== DATA SUPPLIED ==
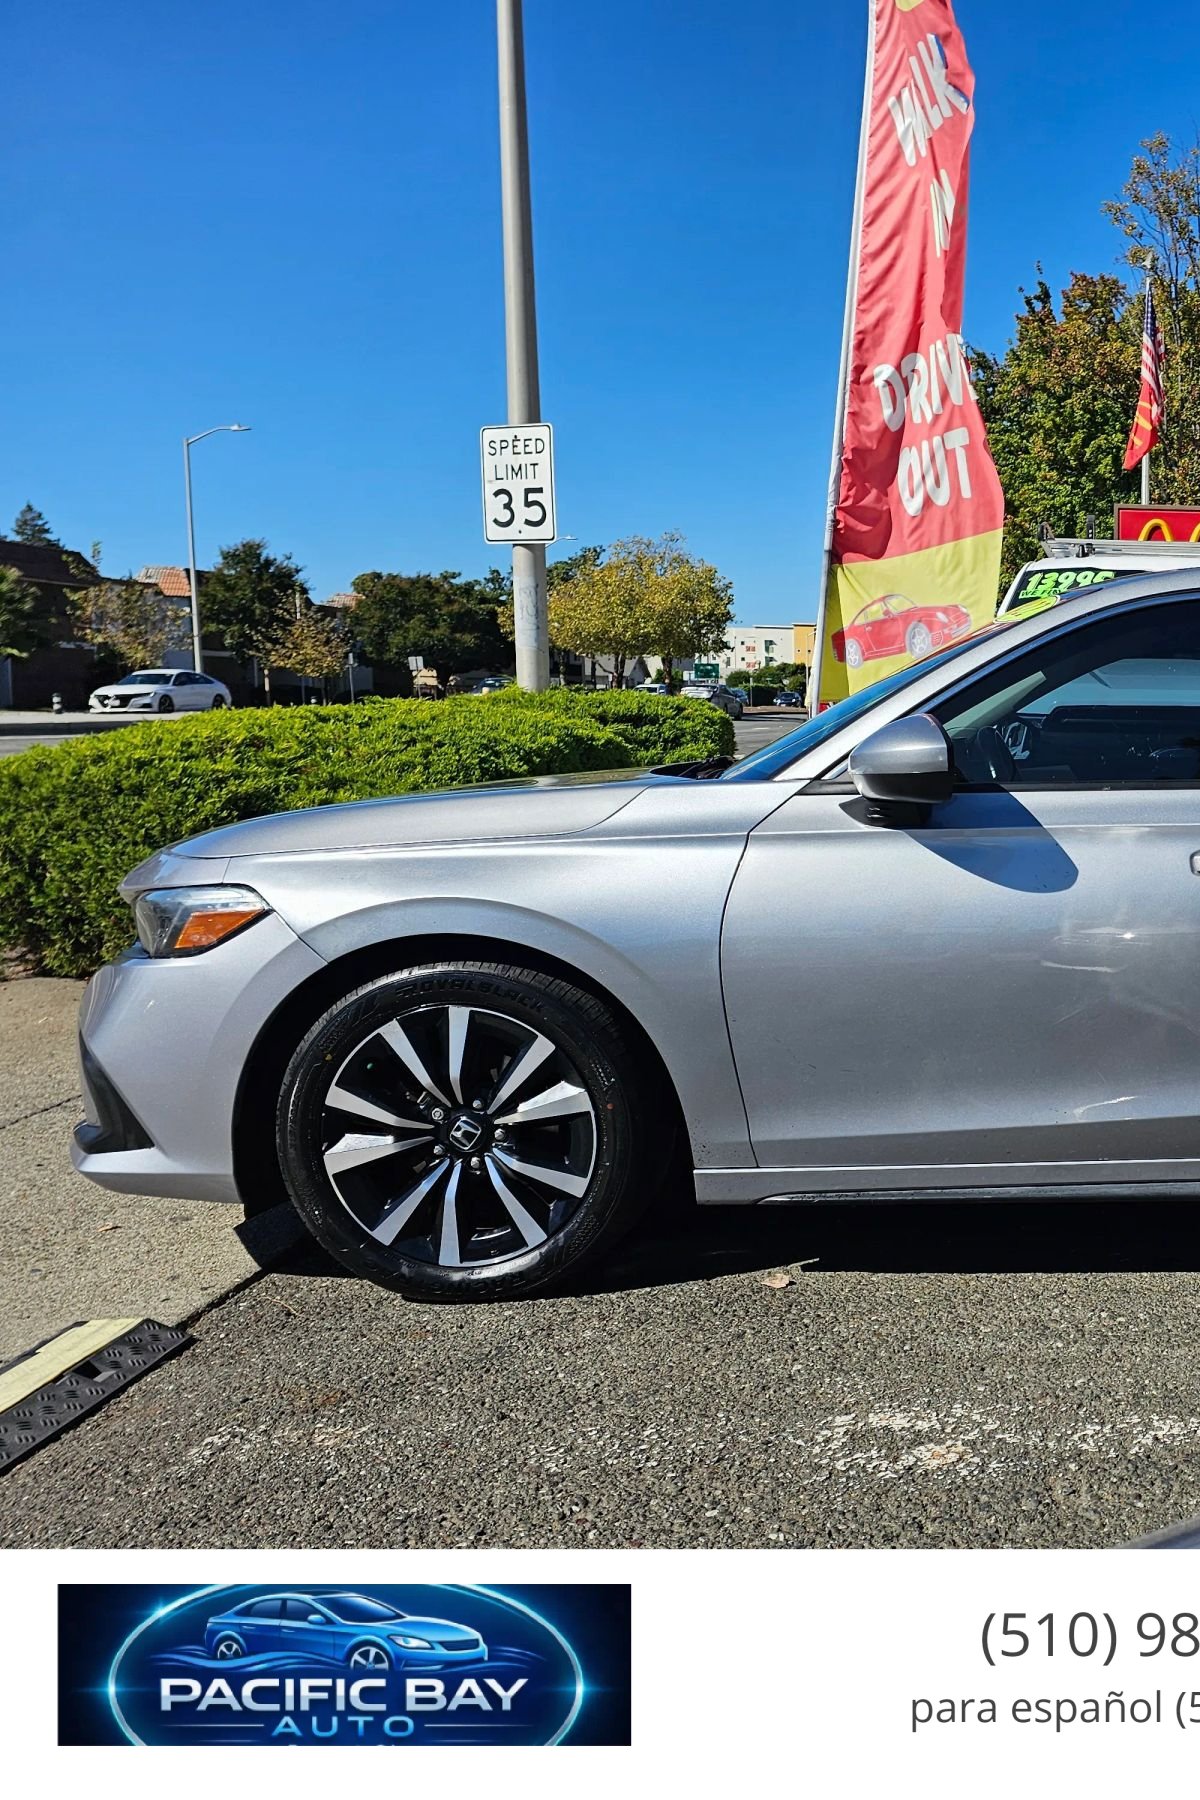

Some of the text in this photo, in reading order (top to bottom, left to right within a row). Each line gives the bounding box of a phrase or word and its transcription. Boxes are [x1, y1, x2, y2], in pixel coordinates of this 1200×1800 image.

[488, 438, 545, 456] SPEED
[494, 462, 539, 480] LIMIT
[897, 427, 971, 517] OUT
[492, 486, 547, 528] 35
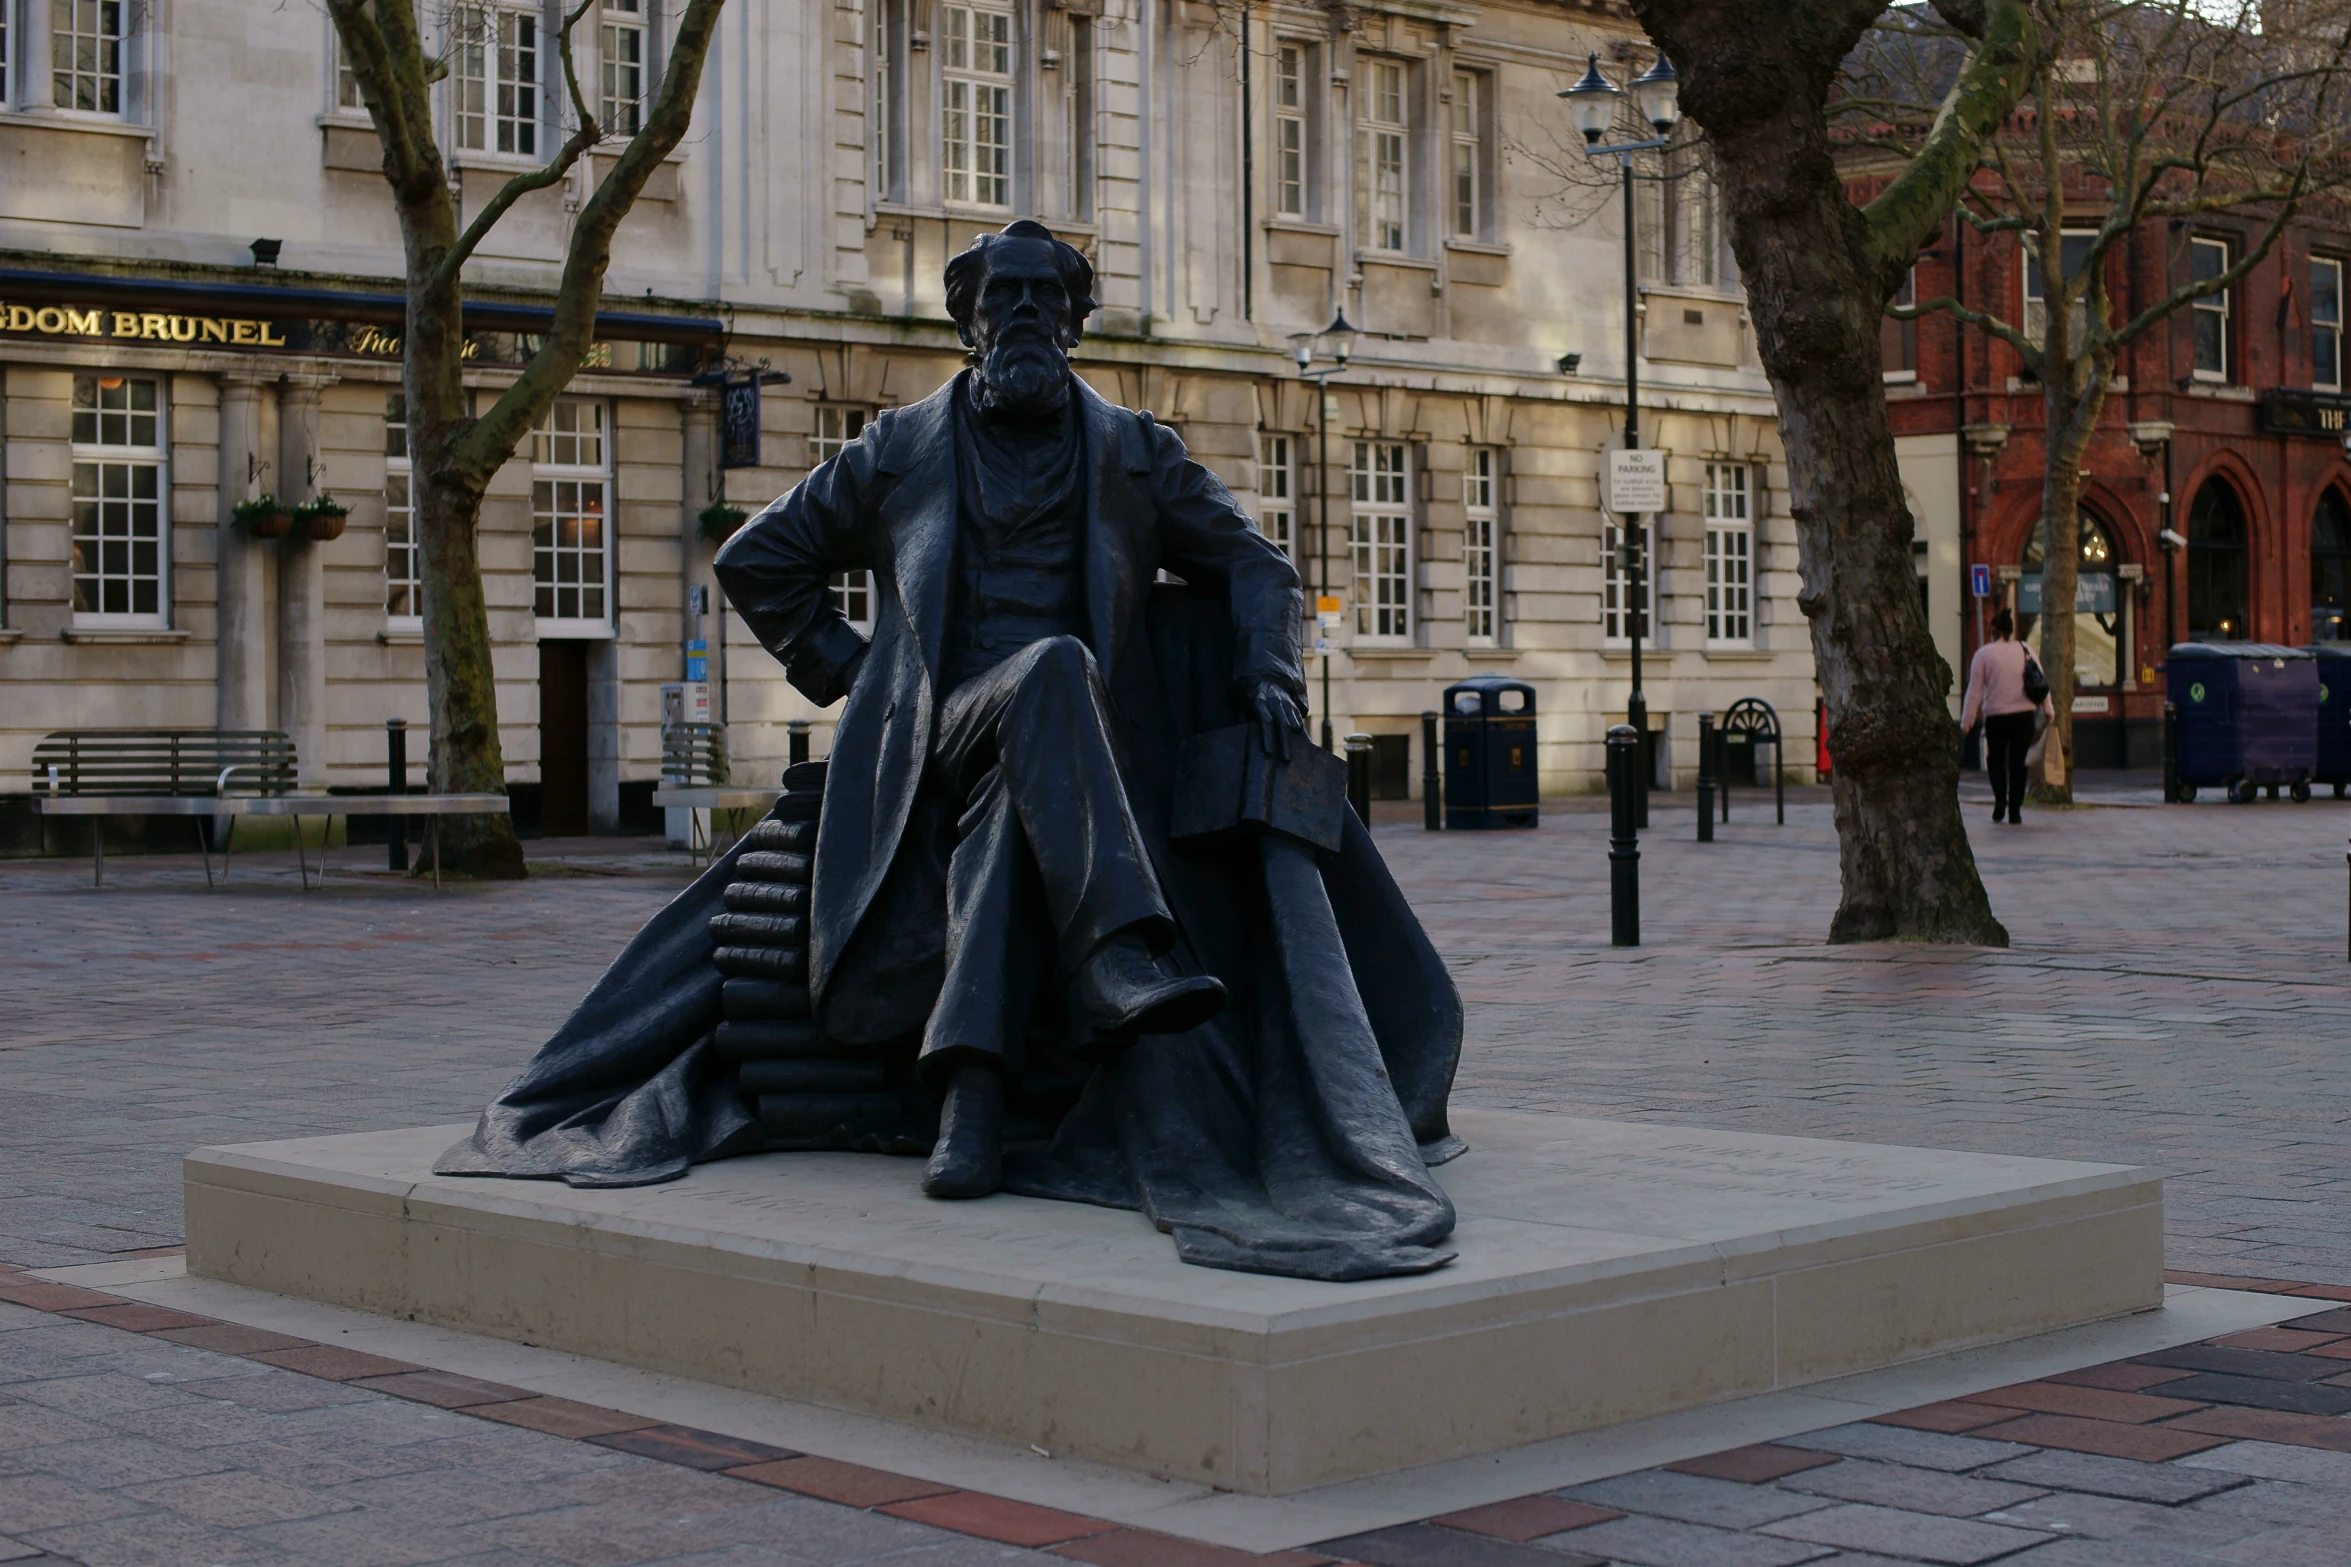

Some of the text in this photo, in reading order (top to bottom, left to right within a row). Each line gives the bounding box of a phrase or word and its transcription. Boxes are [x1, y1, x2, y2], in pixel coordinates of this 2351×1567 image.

[111, 311, 286, 347] BRUNEL
[348, 324, 401, 356] Free
[1617, 464, 1656, 474] PARKING
[1629, 454, 1643, 463] NO
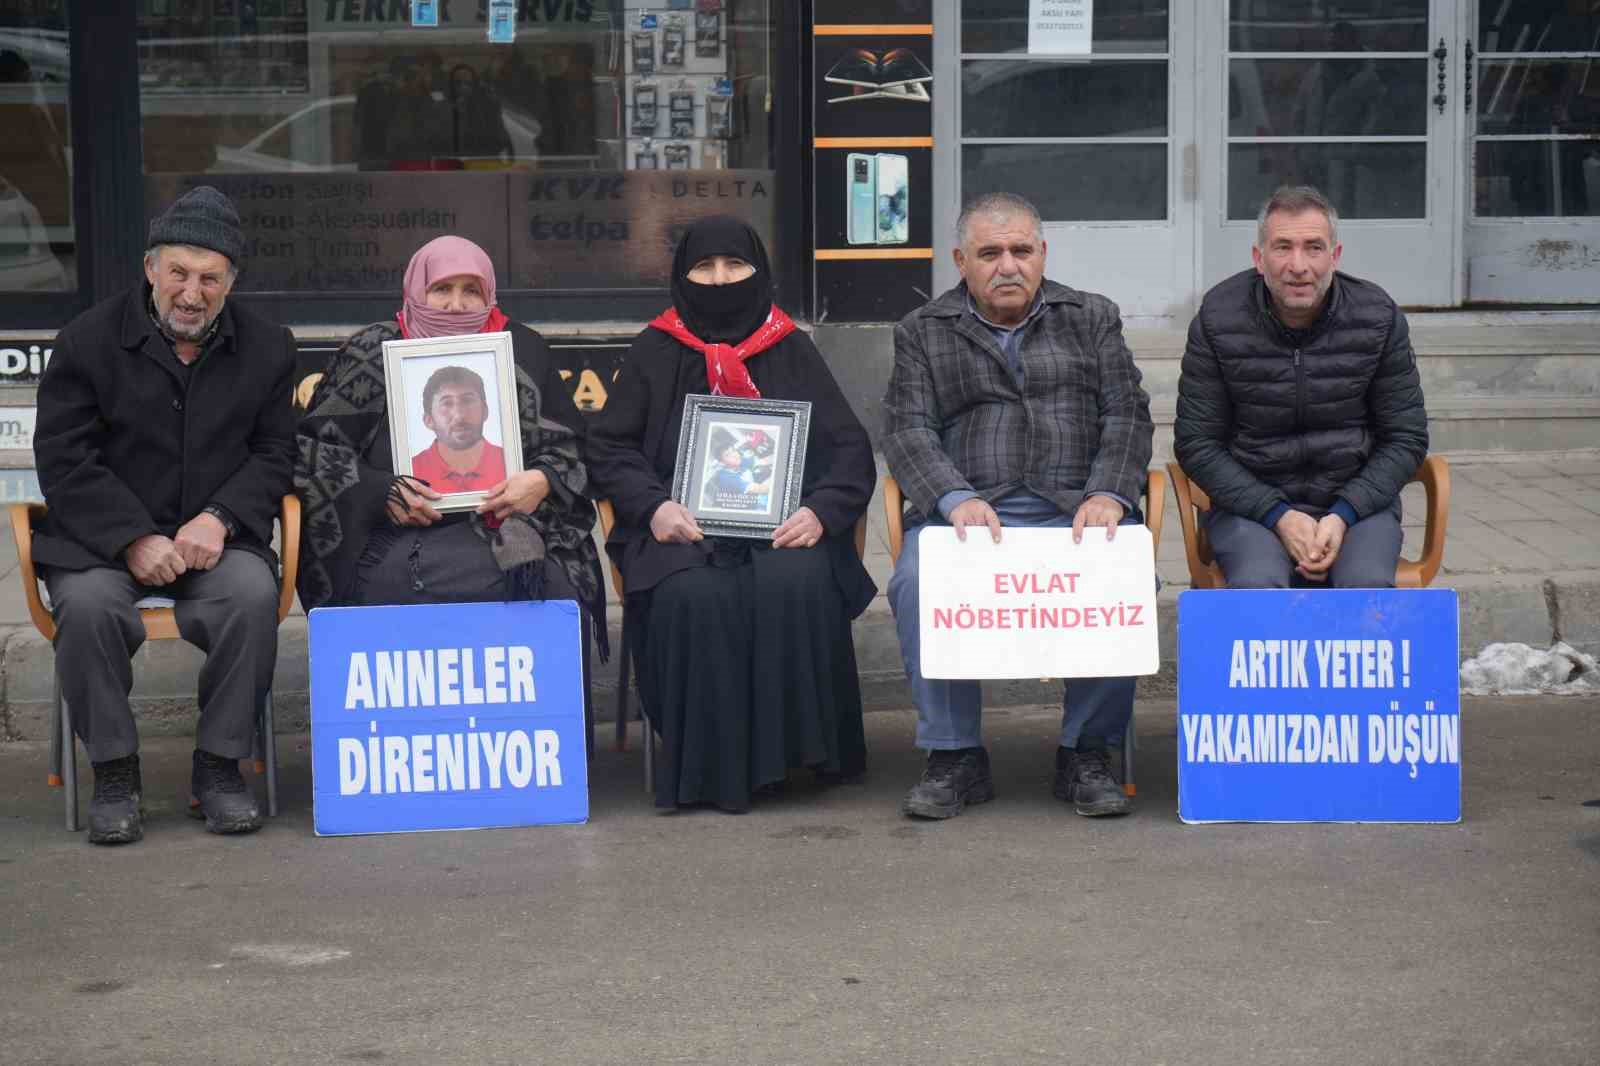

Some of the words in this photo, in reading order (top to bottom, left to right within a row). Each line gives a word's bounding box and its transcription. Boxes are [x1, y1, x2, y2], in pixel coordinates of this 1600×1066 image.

[324, 0, 452, 22] TEKNK
[529, 176, 628, 201] KVK
[672, 180, 767, 198] DELTA
[994, 573, 1080, 594] EVLAT
[934, 601, 1144, 630] NÖBETİNDEYİZ
[345, 646, 536, 709] ANNELER
[1229, 640, 1309, 688] ARTIK
[1315, 640, 1394, 688] YETER
[1181, 714, 1359, 763] YAKAMIZDAN
[1368, 700, 1459, 779] DÜŞÜN
[338, 716, 562, 795] DİRENİYOR
===
● REQUIRED WORK: Images stay out, but the rest of the data above must be repeated exactly.

● ANSWER SPACE:
Some of the text in this photo, in reading order (top to bottom, left to right within a row). Each line gives the bounding box of a phrase or word and its transcription. Boxes are [x1, y1, x2, y2], in pixel coordinates of this 1200×1800 image.

[488, 438, 545, 456] SPEED
[494, 462, 539, 480] LIMIT
[897, 427, 971, 517] OUT
[492, 486, 547, 528] 35

Some of the text in this photo, in reading order (top to bottom, left to right within a row). Each line gives the bounding box of a phrase or word and its transcription. Boxes are [x1, y1, x2, y2], in pixel coordinates of this 2351×1567 image.

[111, 311, 286, 347] BRUNEL
[348, 324, 401, 356] Free
[1617, 464, 1656, 474] PARKING
[1629, 454, 1643, 463] NO

Some of the words in this photo, in reading order (top to bottom, left to right within a row). Each line gives a word's bounding box and its transcription. Boxes are [x1, y1, x2, y2], in pixel coordinates of this 1600×1066 image.

[324, 0, 452, 22] TEKNK
[529, 176, 628, 201] KVK
[672, 180, 767, 198] DELTA
[994, 573, 1080, 594] EVLAT
[934, 601, 1144, 630] NÖBETİNDEYİZ
[345, 646, 536, 709] ANNELER
[1229, 640, 1309, 688] ARTIK
[1315, 640, 1394, 688] YETER
[1181, 714, 1359, 763] YAKAMIZDAN
[1368, 700, 1459, 779] DÜŞÜN
[338, 716, 562, 795] DİRENİYOR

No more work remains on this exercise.